J’ai toujours aimé voyager. Ma condition fait en sorte que je ne peux, toutefois, plus prendre l’avion. Trop compliqué et trop exigeant pour moi. Jocelyn et moi avons l’expérience des grands départs, mais ils viennent maintenant avec leur lot de complications. Voyager est devenu un véritable déménagement. Fini le temps où l’on pouvait « voyager léger ». Il faut planifier avec encore plus de soin et choisir l’endroit en tenant compte des obstacles pour s’y rendre. La spontanéité de l’escapade de dernière minute n’est plus possible. Mais ma condition ne nous arrête pas. La quête d’informations et l’attente du départ me stimulent. Jocelyn, tout comme moi, envisage le voyage avec optimisme et fébrilité, malgré les tourments qui peuvent y être associés. J’organise et je planifie. Vivante et dans l’action. Les voyages m’ouvrent aux autres et aux découvertes. Ils me sortent de ma zone de confort. J’éprouve quelques craintes, mais je les surmonte chaque fois et je fonce.

Depuis 2014, nous allons en Floride où nous louons une maison adaptée. C’est hors de prix, mais nous voulons réaliser nos rêves. Comme on dit : L’argent, on ne l’emporte pas au paradis! Déterminés, nous aimons le risque… au contraire des assureurs. Aucune compagnie d’assurances n’accepte de nous protéger des impondérables. Je me situe, semble-t-il, dans la catégorie des indésirables «à grand risque». Qu’il en soit ainsi! La couardise des assureurs ne nous freine pas dans notre volonté d’explorer le monde. Nous faisons nos valises et nous nous éloignons de l’hiver, trop difficile pour moi. Pendant la saison froide, mes muscles se contractent et figent. Cela rend les mouvements encore plus ardus et douloureux. Nous partons de janvier à avril. Les amis et la famille nous visitent. Je suis aux anges. Ils s’occupent de la bouffe ce qui donne un répit à mon amour. On partage de bien beaux moments sous la chaleur. C’est une période qui me fait vibrer et que j’attends avec impatience toute l’année.
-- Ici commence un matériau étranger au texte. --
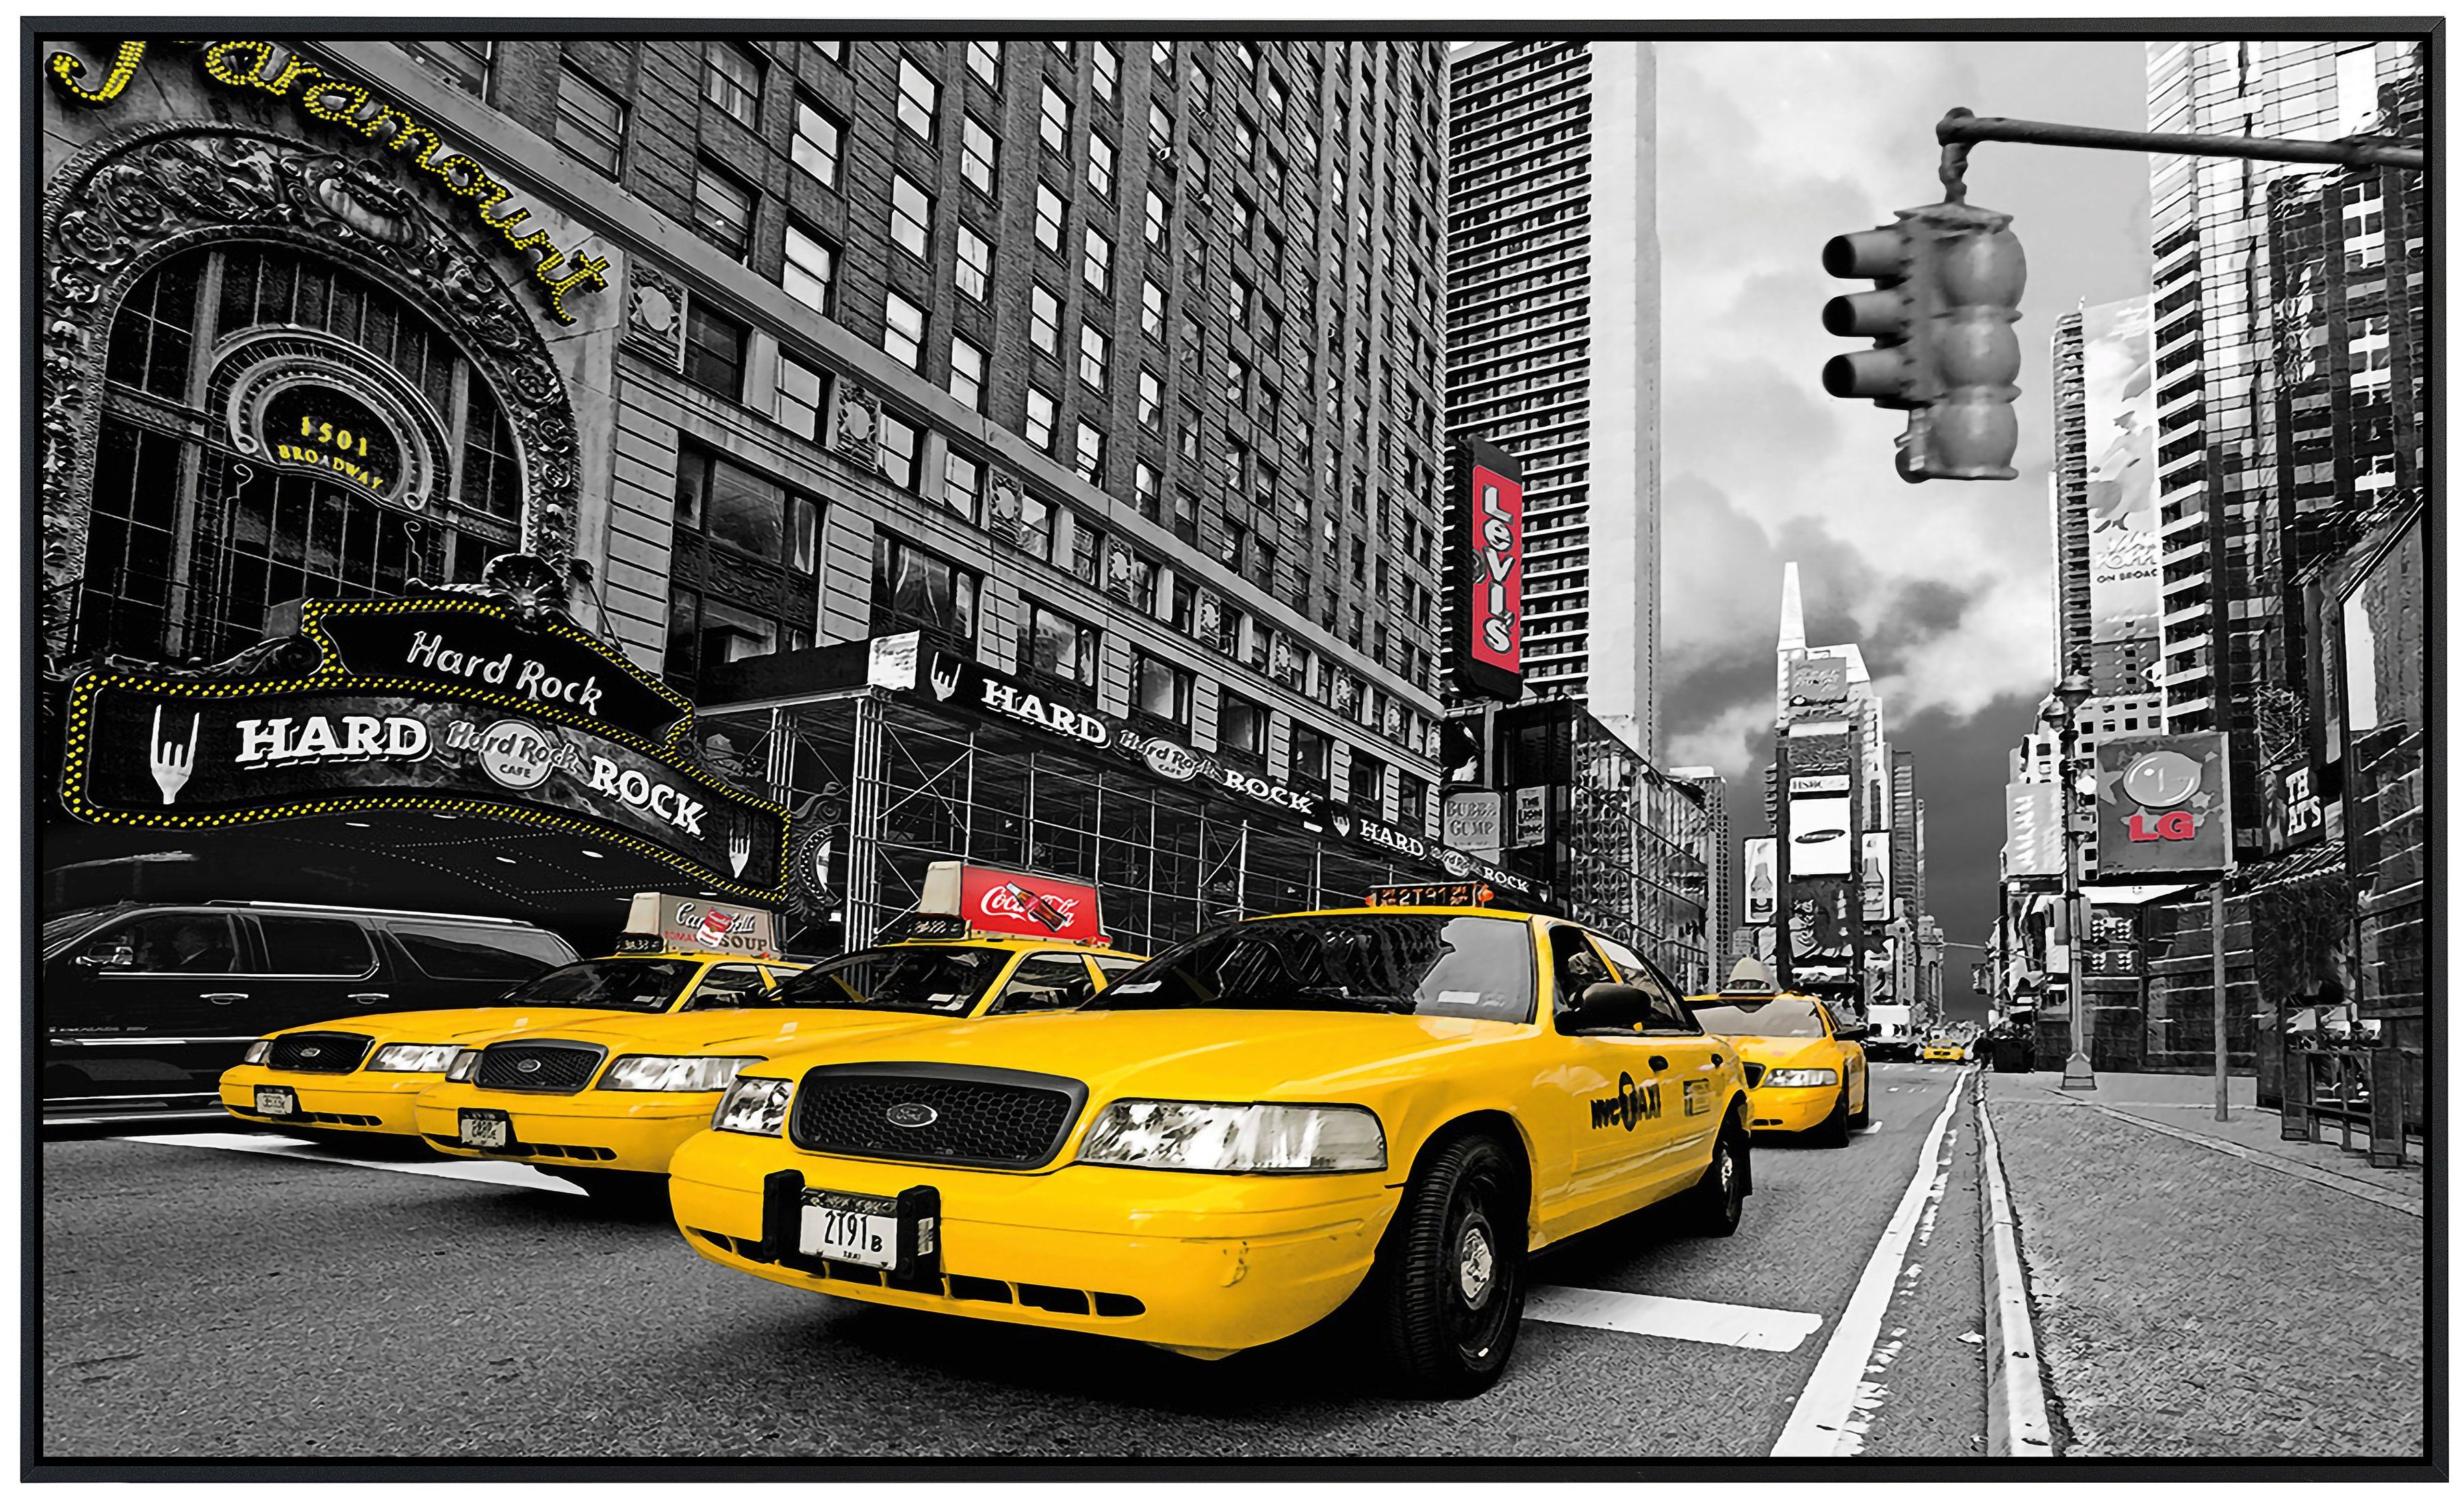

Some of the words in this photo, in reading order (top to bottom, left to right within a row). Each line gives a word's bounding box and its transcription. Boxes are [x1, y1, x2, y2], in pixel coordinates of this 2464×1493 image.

Vous devriez voir la camionnette au moment du départ! Les Lavigueur déménagent! Il nous faut tout planifier. Nous devons apporter le lève-personne portable et la toile, la chaise de douche, la machine pour enlever mes sécrétions, le matelas gonflable et spécial que j’utilise, l’urinoir, le B-pap, les coussins, les médicaments, le matériel médical, la barre de lit, le mélangeur, la glacière, les valises, alouette…… Comme on dit : On est «loadés» ben raide. À chaque fois, on effectue le même rituel. Dès que l’on atteint l’autoroute, je mets notre musique préférée et on se fait un high five en souriant. On ne fait pas plus de huit heures de route par jour. Je dois récupérer. Nous dormons dans les mêmes hôtels pour éviter les mauvaises surprises comme cette fois où le lit était trop haut pour permettre un transfert. La route est éreintante pour moi. Je ne peux arrêter n’importe où pour aller aux toilettes et je ne peux manger que de la nourriture en purée. Aussi, je ne bois que les liquides à consistance épaisse du style smoothie alors ça complique les choses. En trois jours, nous arrivons à destination. Il est toujours plaisant d’apercevoir le premier palmier et de ranger bottes et manteaux en cours de route. Ça me prend environ cinq jours pour me remettre du voyagement. Quand j’arrive, je suis épuisée et ce qui me rend le plus triste est de ne pouvoir aider mon amour à décharger la camionnette. Comme j’aimerais l’aider! Dans ces moments, je me sens tellement impuissante. Le voyage en vaut toutefois la peine car nous nous installons pour plusieurs mois.

Je reste toujours à l’affût de ma prochaine destination. Rien ne nous arrête car nous le voulons vraiment. Évidemment, avec la progression de la maladie, mes choix s’amenuisent. Mais tant et aussi longtemps que je pourrai me déplacer en sécurité et que Jocelyn le voudra (il est vraiment fin! J’ai le meilleur!), nous voyagerons.

Chantal Lanthier

**** Si vous aimez mes chroniques, abonnez-vous! C’est simple, vous n’avez qu’à entrer votre adresse courriel dans la section noire au bas de cette page****

Du temps en famille

Je me réveille soudainement et de mon lit, j’entends la voix de William qui gazouille tel un petit oiseau. Il jase beaucoup pour son âge. À deux ans et demi, il jacasse comme une pie. Mieux que moi en tout cas! Son langage est clair et franc. Il progresse rapidement alors que moi, je régresse.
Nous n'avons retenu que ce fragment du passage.